- [What the exercise asks]: Below are entries with pictures among them; reproduce exactly, and only, the lines from the one containing "Some of the words" down to the one containing "this 1999×1333 image.", without the pictures.

(Stored data entries)
• • • • • • •

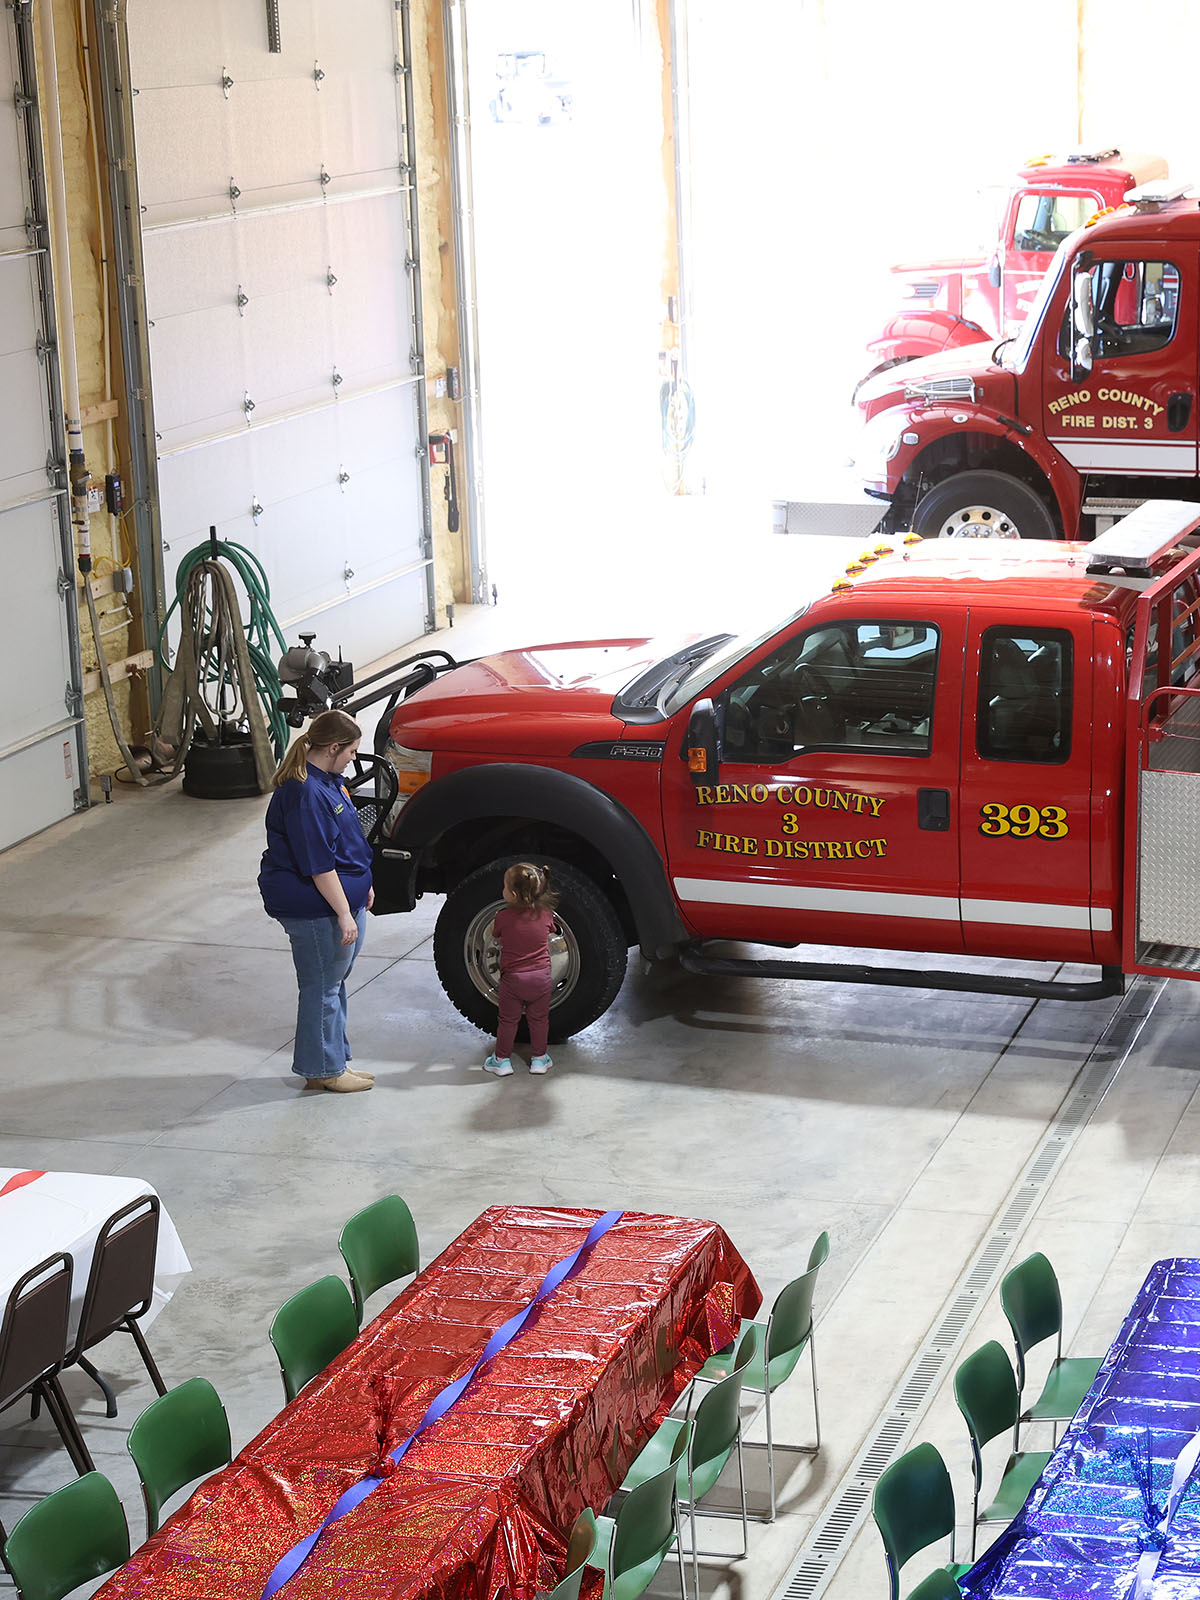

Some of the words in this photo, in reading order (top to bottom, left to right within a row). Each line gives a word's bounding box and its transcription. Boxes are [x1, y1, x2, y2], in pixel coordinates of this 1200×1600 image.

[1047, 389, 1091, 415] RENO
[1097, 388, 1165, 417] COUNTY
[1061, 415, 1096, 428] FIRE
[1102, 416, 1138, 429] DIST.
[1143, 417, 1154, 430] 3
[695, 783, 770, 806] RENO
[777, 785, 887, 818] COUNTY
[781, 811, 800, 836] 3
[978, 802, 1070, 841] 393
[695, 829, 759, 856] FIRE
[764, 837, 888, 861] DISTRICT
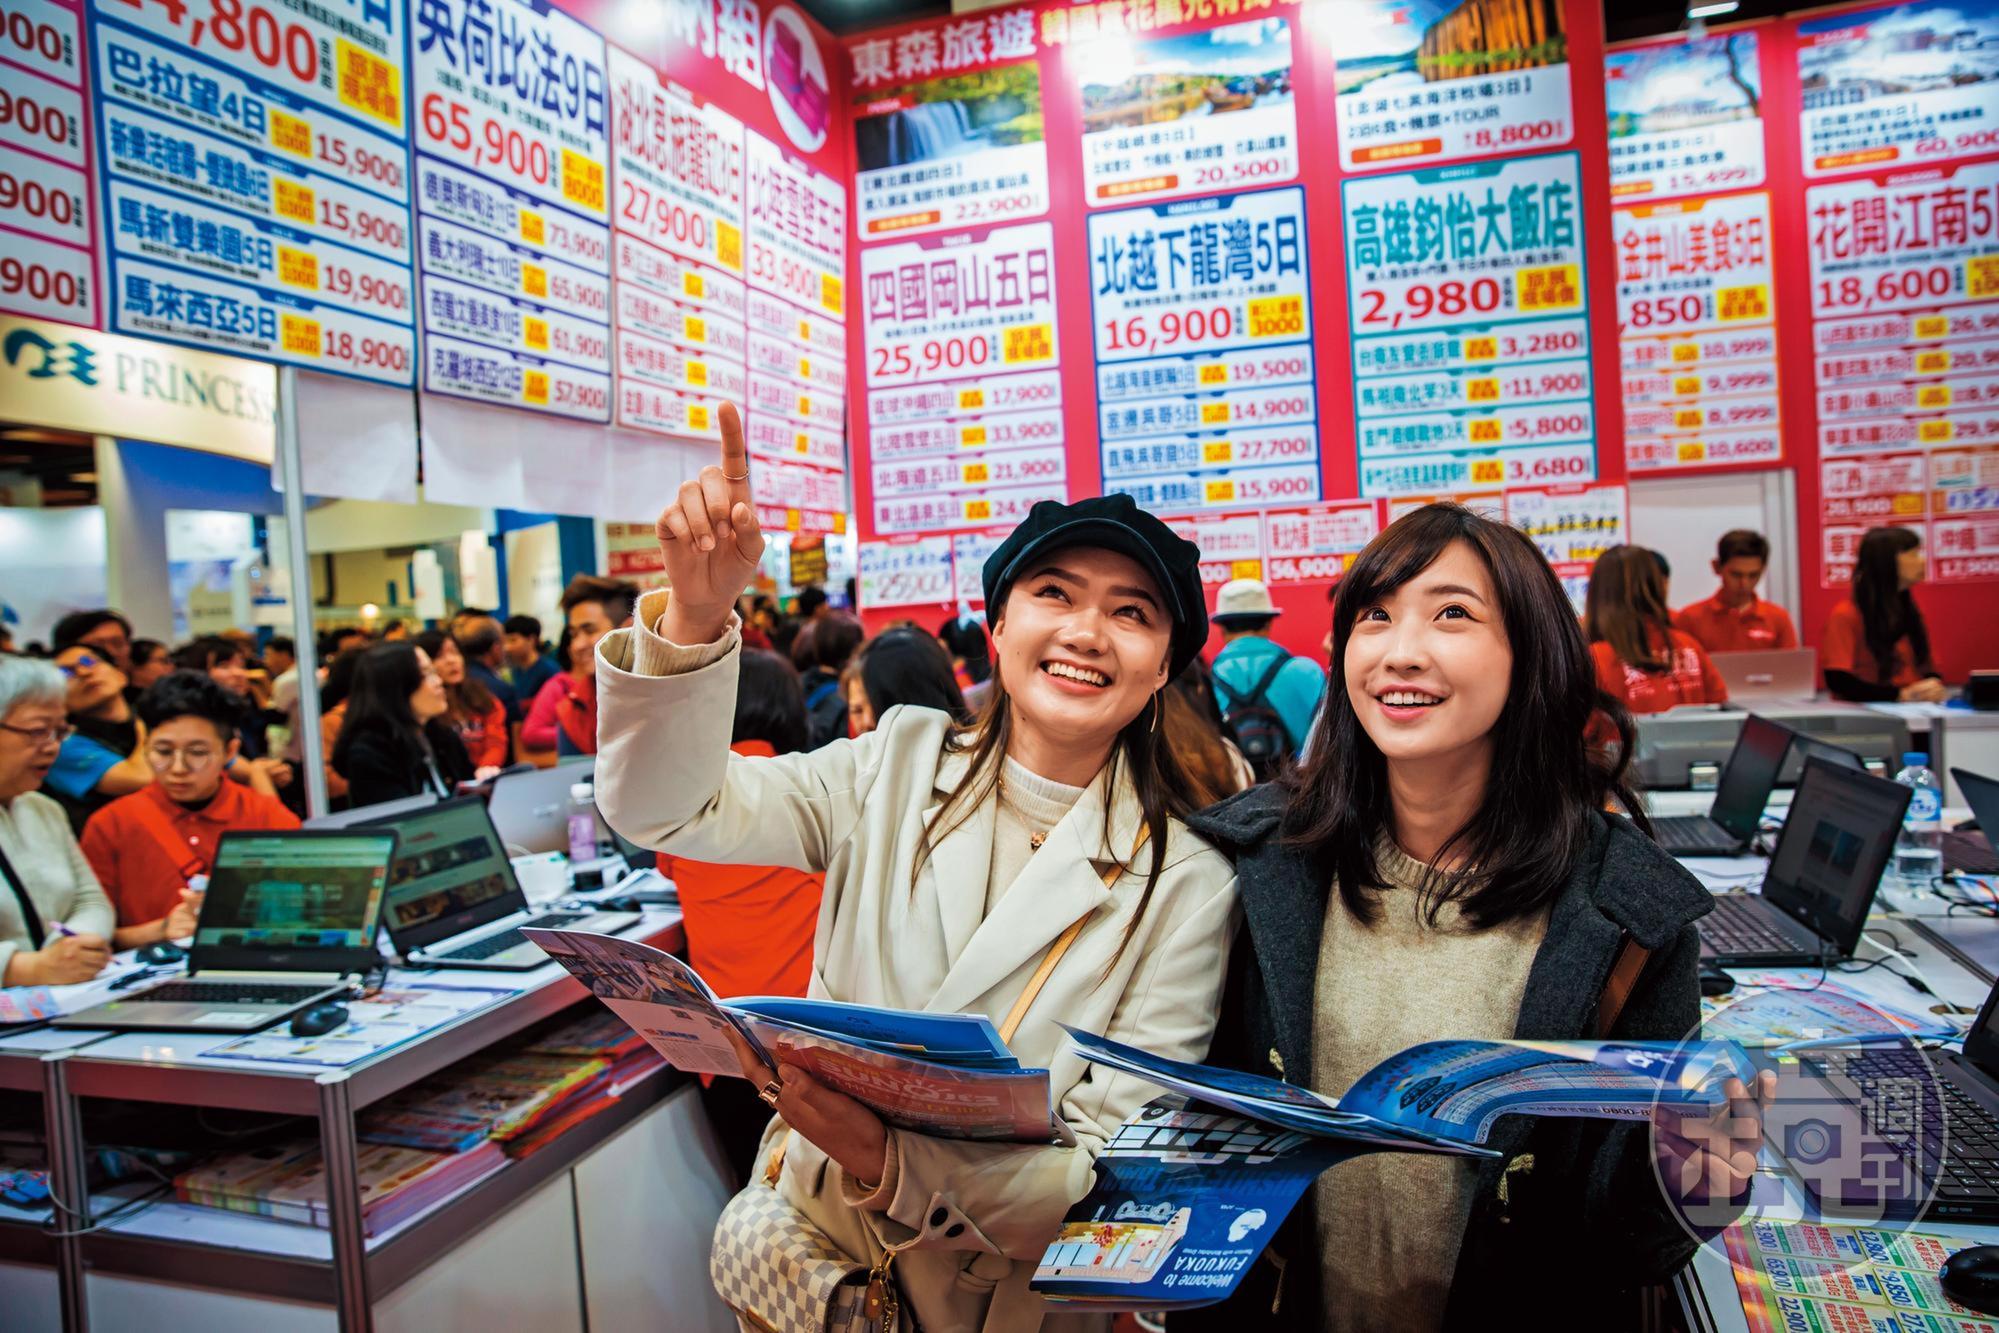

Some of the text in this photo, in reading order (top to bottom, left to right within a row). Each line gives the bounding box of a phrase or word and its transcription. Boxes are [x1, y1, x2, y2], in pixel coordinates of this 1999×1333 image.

• • • • • • •

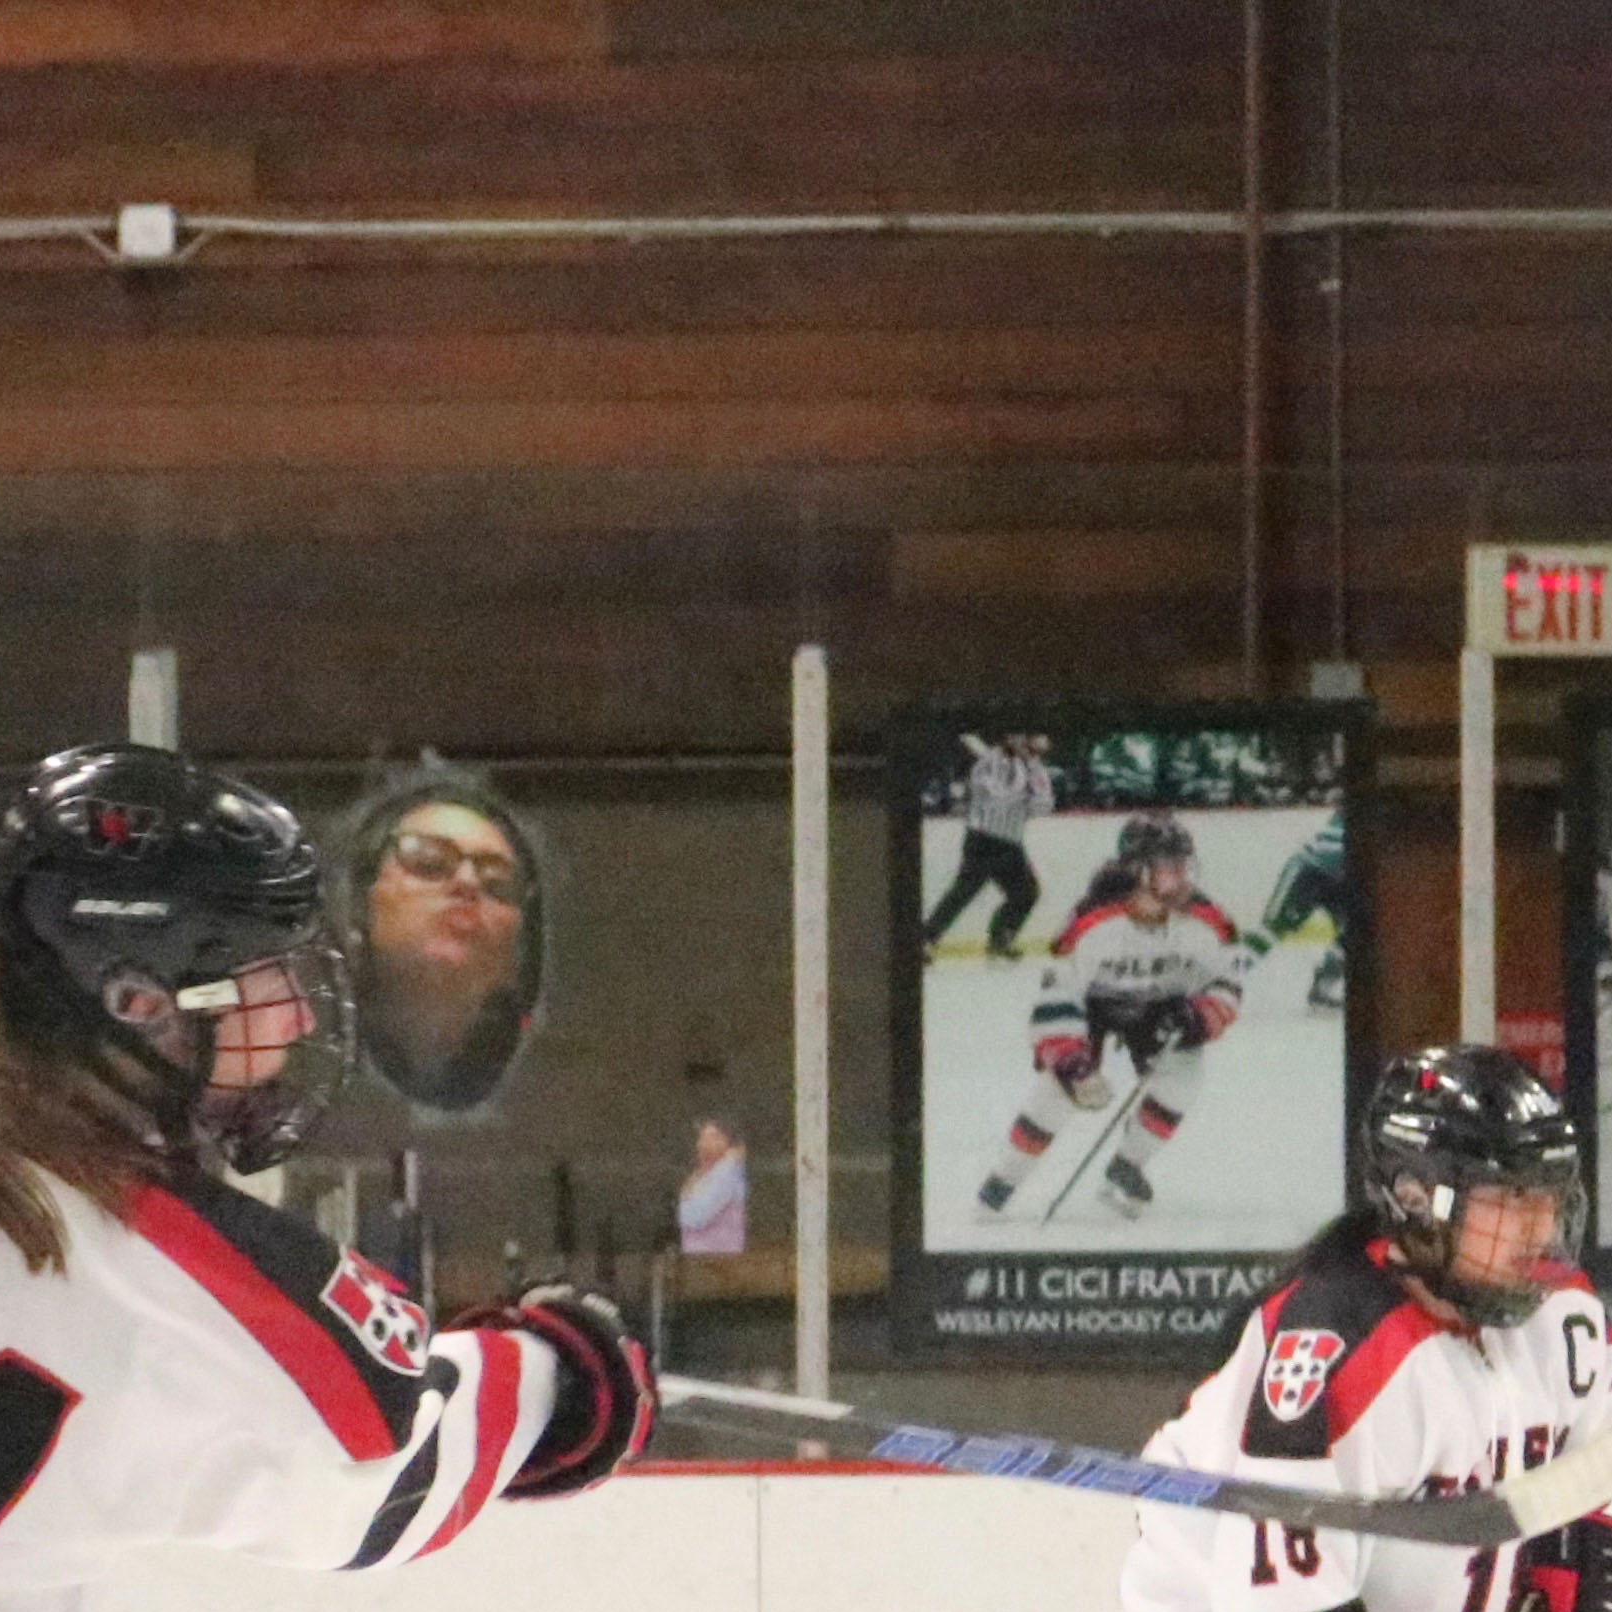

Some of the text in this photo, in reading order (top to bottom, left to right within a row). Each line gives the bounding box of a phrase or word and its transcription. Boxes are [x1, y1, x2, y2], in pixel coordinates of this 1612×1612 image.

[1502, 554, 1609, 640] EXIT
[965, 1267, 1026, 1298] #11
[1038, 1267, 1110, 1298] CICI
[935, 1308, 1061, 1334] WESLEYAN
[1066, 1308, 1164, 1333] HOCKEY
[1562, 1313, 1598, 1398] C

• • • • • • •

- [Exercise response]:
Some of the words in this photo, in reading order (top to bottom, left to right within a row). Each line gives a word's bounding box and its transcription. Boxes are [x1, y1, x2, y2], in pixel coordinates of this 1200×1600 image.

[1047, 389, 1091, 415] RENO
[1097, 388, 1165, 417] COUNTY
[1061, 415, 1096, 428] FIRE
[1102, 416, 1138, 429] DIST.
[1143, 417, 1154, 430] 3
[695, 783, 770, 806] RENO
[777, 785, 887, 818] COUNTY
[781, 811, 800, 836] 3
[978, 802, 1070, 841] 393
[695, 829, 759, 856] FIRE
[764, 837, 888, 861] DISTRICT

Some of the text in this photo, in reading order (top to bottom, left to right within a row). Each line gives the bounding box of a phrase or word and its transcription. Boxes are [x1, y1, x2, y2], in pixel coordinates of this 1999×1333 image.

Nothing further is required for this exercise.